Retype each record below word for word. Leave the pictures out.

- Opening Delimiter -

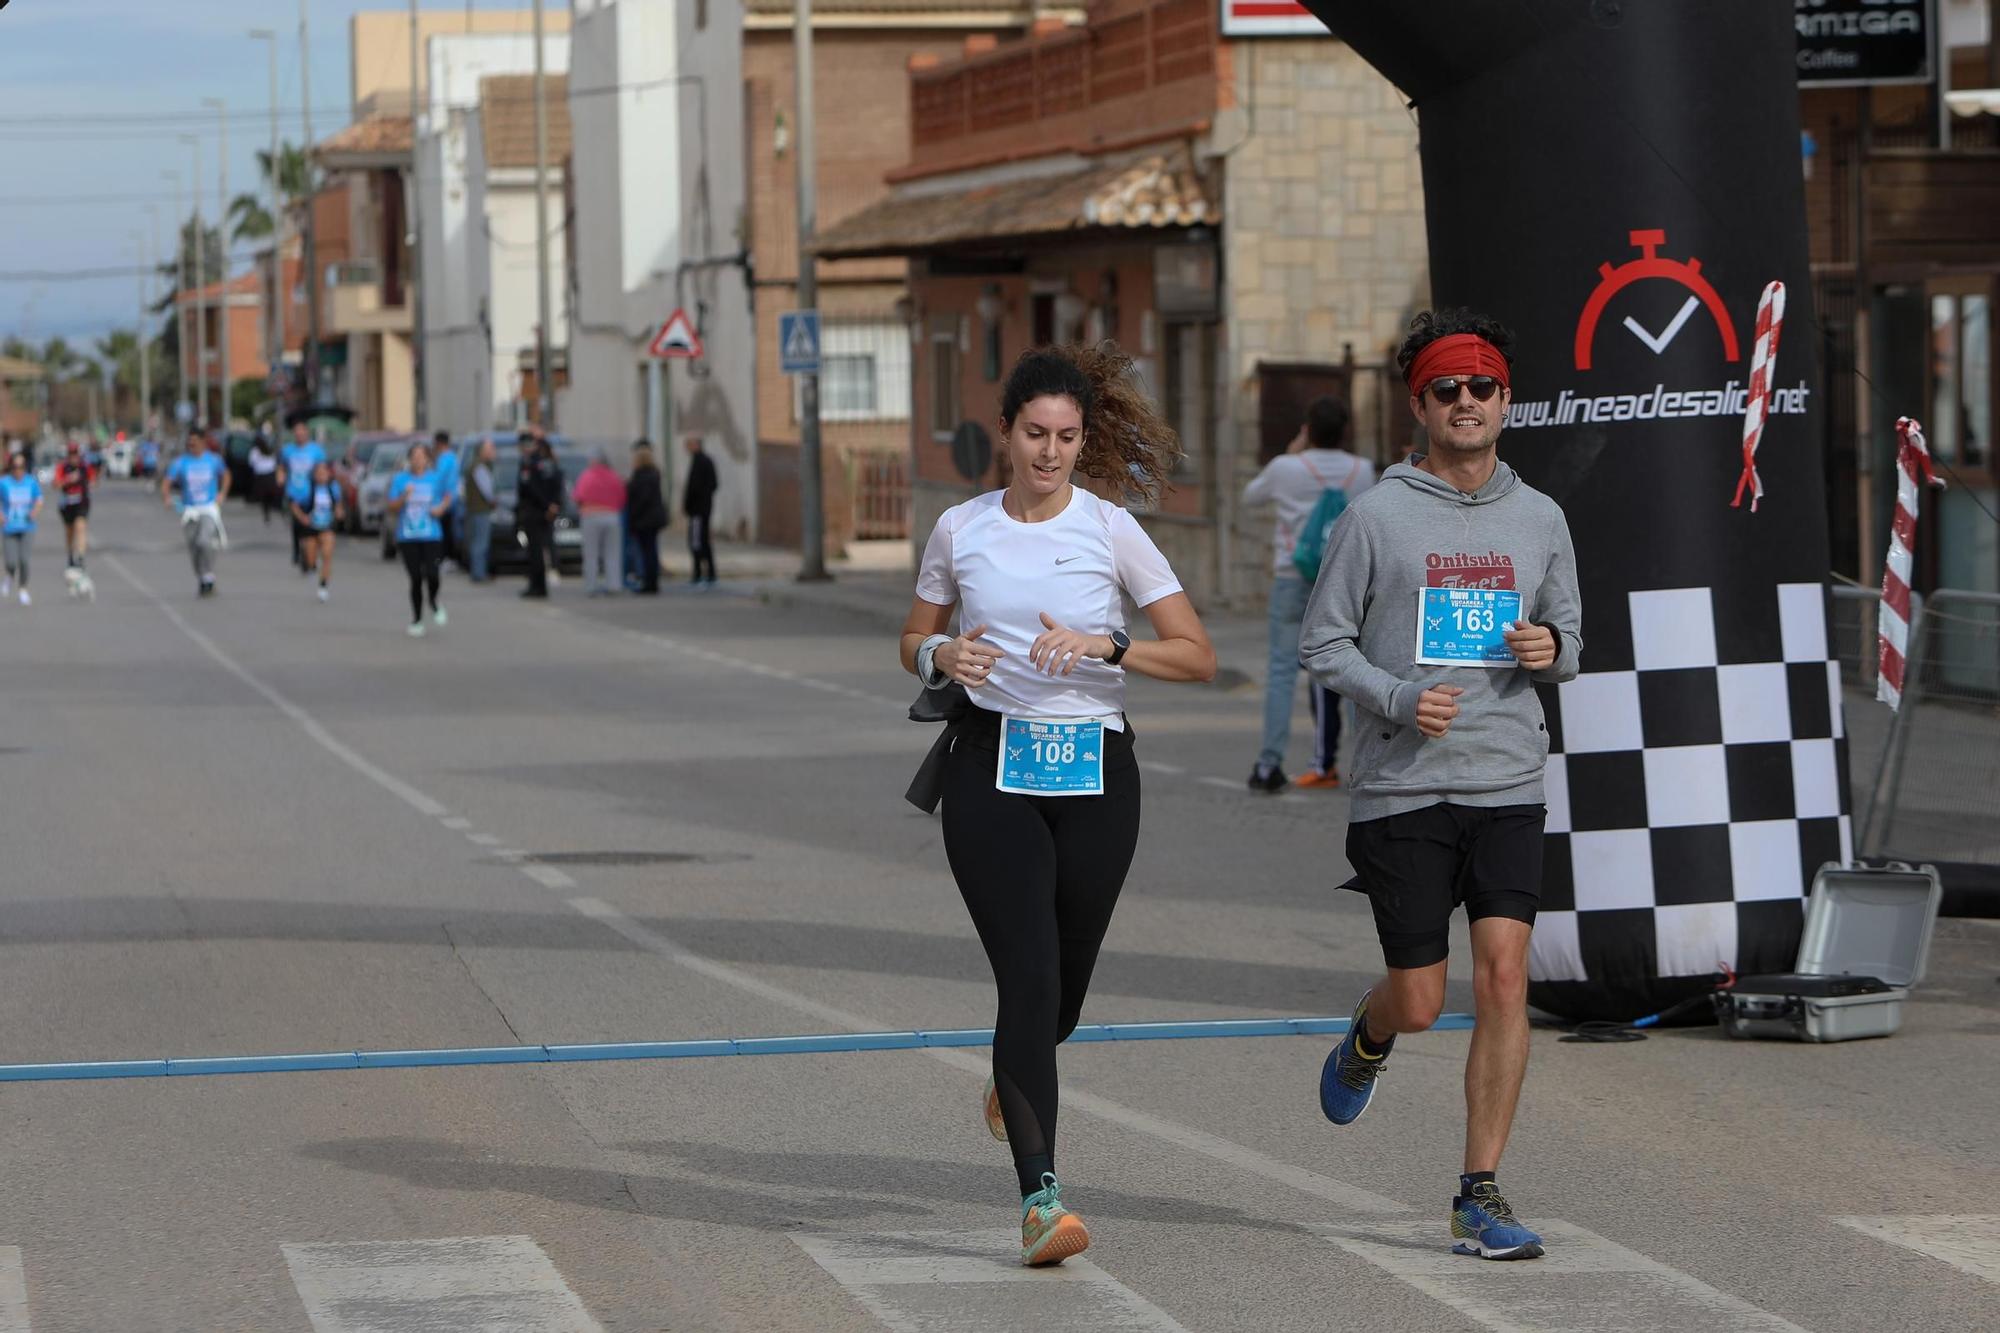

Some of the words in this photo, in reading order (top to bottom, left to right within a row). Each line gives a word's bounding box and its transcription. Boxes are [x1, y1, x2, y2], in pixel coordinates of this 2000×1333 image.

[1503, 380, 1810, 428] ww.lineadesali.net
[1426, 551, 1513, 568] Onitsuka
[1452, 608, 1494, 631] 163
[1031, 741, 1075, 763] 108
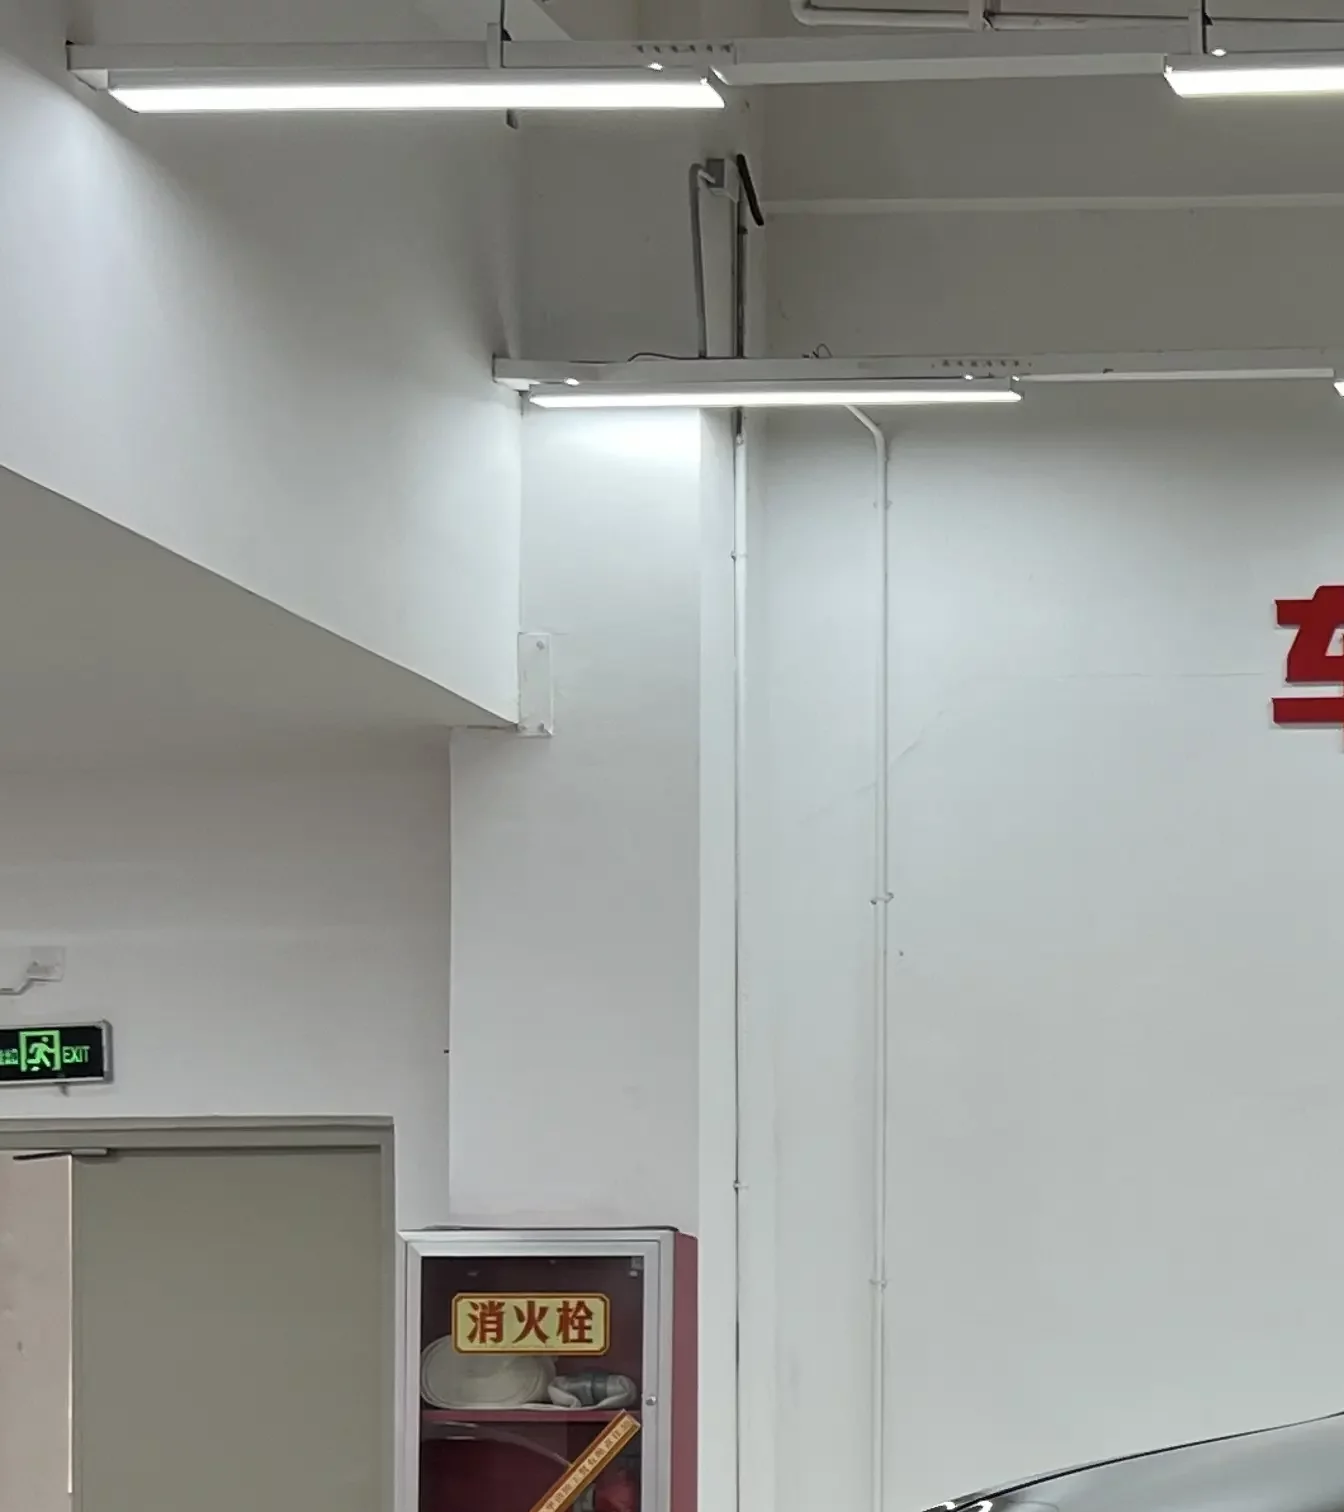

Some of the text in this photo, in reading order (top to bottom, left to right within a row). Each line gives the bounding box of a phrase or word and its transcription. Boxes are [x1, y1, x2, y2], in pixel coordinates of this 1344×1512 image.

[62, 1045, 91, 1064] EXIT
[467, 1300, 593, 1344] 消火栓
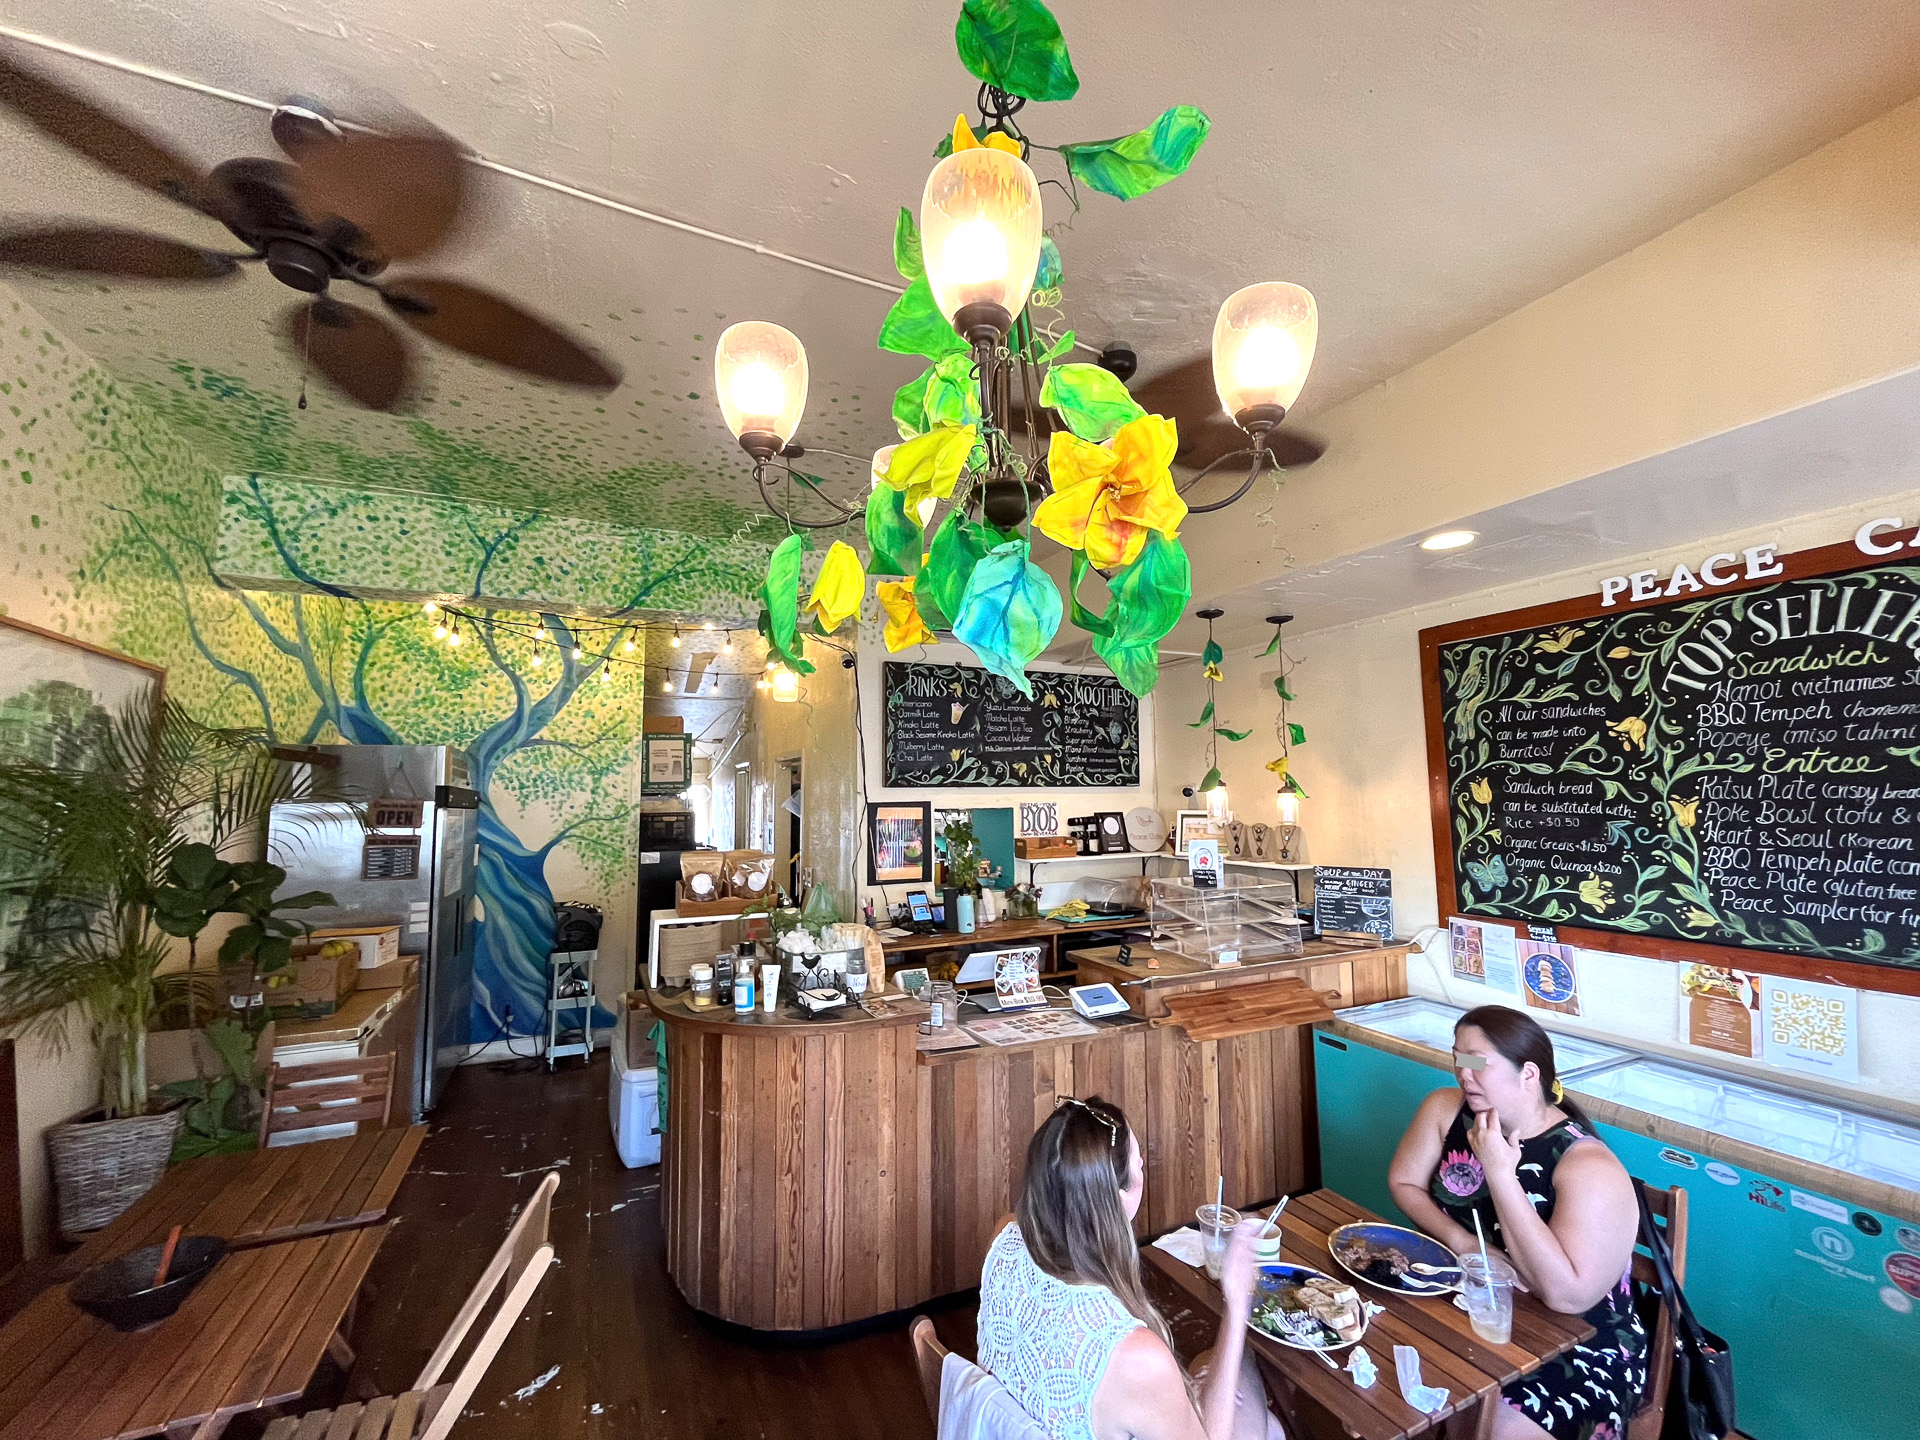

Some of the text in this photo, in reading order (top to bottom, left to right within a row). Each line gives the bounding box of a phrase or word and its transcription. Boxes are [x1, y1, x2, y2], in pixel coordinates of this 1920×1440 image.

[1600, 542, 1783, 607] PEACE
[1662, 586, 1920, 692] TOP SELLER
[1728, 641, 1890, 679] Sandwich
[904, 674, 948, 698] RINKS
[1063, 682, 1130, 707] SMOOTHIES
[1709, 679, 1783, 704] Hanoi
[986, 701, 1032, 712] Yuzu Lemonade
[1495, 703, 1606, 723] All our sandwiches
[1696, 702, 1747, 727] BBQ
[1749, 698, 1833, 727] Tempeh
[921, 720, 940, 728] Latte
[985, 713, 1025, 722] Matcha Latte
[985, 722, 1033, 733] Assam Ice Tea
[897, 730, 914, 739] Black
[915, 730, 936, 739] Sesame
[958, 731, 975, 739] Latte
[985, 732, 1031, 742] Coconut Water
[1496, 725, 1587, 741] can be made into
[1696, 727, 1772, 758] Popeye
[1783, 727, 1837, 744] (miso
[898, 740, 945, 751] Mulberry Latte
[1499, 742, 1554, 759] Burritos!
[897, 751, 934, 761] Chai Latte
[1762, 746, 1888, 773] Entree
[1503, 776, 1593, 796] Sandwich bread
[1698, 775, 1754, 800] Katsu
[1758, 774, 1817, 800] Plate
[1822, 782, 1879, 806] (crispy
[376, 810, 414, 826] OPEN
[1020, 806, 1058, 832] BYOB
[1503, 800, 1637, 819] can be substituted with:
[1704, 800, 1911, 825] Poke Bowl (tofu &
[1505, 816, 1534, 829] Rice
[1504, 834, 1538, 853] Organic
[1540, 836, 1575, 852] Greens
[1703, 820, 1752, 845] Heart
[1759, 831, 1774, 846] &
[1775, 827, 1834, 849] Seoul
[1506, 853, 1546, 873] Organic
[1551, 855, 1592, 873] Quinoa
[1704, 846, 1751, 871] BBQ
[1756, 847, 1831, 876] Tempeh
[1834, 850, 1884, 876] plate
[1363, 870, 1384, 878] DAY
[1709, 867, 1918, 900] Peace Plate (gluten free
[1720, 889, 1777, 914] Peace
[1783, 894, 1860, 924] Sampler
[1861, 903, 1895, 924] (for

- Closing Delimiter -

▶ [Answer below]:
Some of the words in this photo, in reading order (top to bottom, left to right within a row). Each line gives a word's bounding box and its transcription. Boxes are [x1, y1, x2, y2], in pixel coordinates of this 2000×1333 image.

[1503, 380, 1810, 428] ww.lineadesali.net
[1426, 551, 1513, 568] Onitsuka
[1452, 608, 1494, 631] 163
[1031, 741, 1075, 763] 108

Some of the text in this photo, in reading order (top to bottom, left to right within a row). Each line gives the bounding box of a phrase or word and its transcription. Boxes are [x1, y1, x2, y2], in pixel coordinates of this 1344×1512 image.

[62, 1045, 91, 1064] EXIT
[467, 1300, 593, 1344] 消火栓

Some of the text in this photo, in reading order (top to bottom, left to right within a row). Each line gives the bounding box of a phrase or word and its transcription. Boxes are [x1, y1, x2, y2], in pixel coordinates of this 1920×1440 image.

[1600, 542, 1783, 607] PEACE
[1662, 586, 1920, 692] TOP SELLER
[1728, 641, 1890, 679] Sandwich
[904, 674, 948, 698] RINKS
[1063, 682, 1130, 707] SMOOTHIES
[1709, 679, 1783, 704] Hanoi
[986, 701, 1032, 712] Yuzu Lemonade
[1495, 703, 1606, 723] All our sandwiches
[1696, 702, 1747, 727] BBQ
[1749, 698, 1833, 727] Tempeh
[921, 720, 940, 728] Latte
[985, 713, 1025, 722] Matcha Latte
[985, 722, 1033, 733] Assam Ice Tea
[897, 730, 914, 739] Black
[915, 730, 936, 739] Sesame
[958, 731, 975, 739] Latte
[985, 732, 1031, 742] Coconut Water
[1496, 725, 1587, 741] can be made into
[1696, 727, 1772, 758] Popeye
[1783, 727, 1837, 744] (miso
[898, 740, 945, 751] Mulberry Latte
[1499, 742, 1554, 759] Burritos!
[897, 751, 934, 761] Chai Latte
[1762, 746, 1888, 773] Entree
[1503, 776, 1593, 796] Sandwich bread
[1698, 775, 1754, 800] Katsu
[1758, 774, 1817, 800] Plate
[1822, 782, 1879, 806] (crispy
[376, 810, 414, 826] OPEN
[1020, 806, 1058, 832] BYOB
[1503, 800, 1637, 819] can be substituted with:
[1704, 800, 1911, 825] Poke Bowl (tofu &
[1505, 816, 1534, 829] Rice
[1504, 834, 1538, 853] Organic
[1540, 836, 1575, 852] Greens
[1703, 820, 1752, 845] Heart
[1759, 831, 1774, 846] &
[1775, 827, 1834, 849] Seoul
[1506, 853, 1546, 873] Organic
[1551, 855, 1592, 873] Quinoa
[1704, 846, 1751, 871] BBQ
[1756, 847, 1831, 876] Tempeh
[1834, 850, 1884, 876] plate
[1363, 870, 1384, 878] DAY
[1709, 867, 1918, 900] Peace Plate (gluten free
[1720, 889, 1777, 914] Peace
[1783, 894, 1860, 924] Sampler
[1861, 903, 1895, 924] (for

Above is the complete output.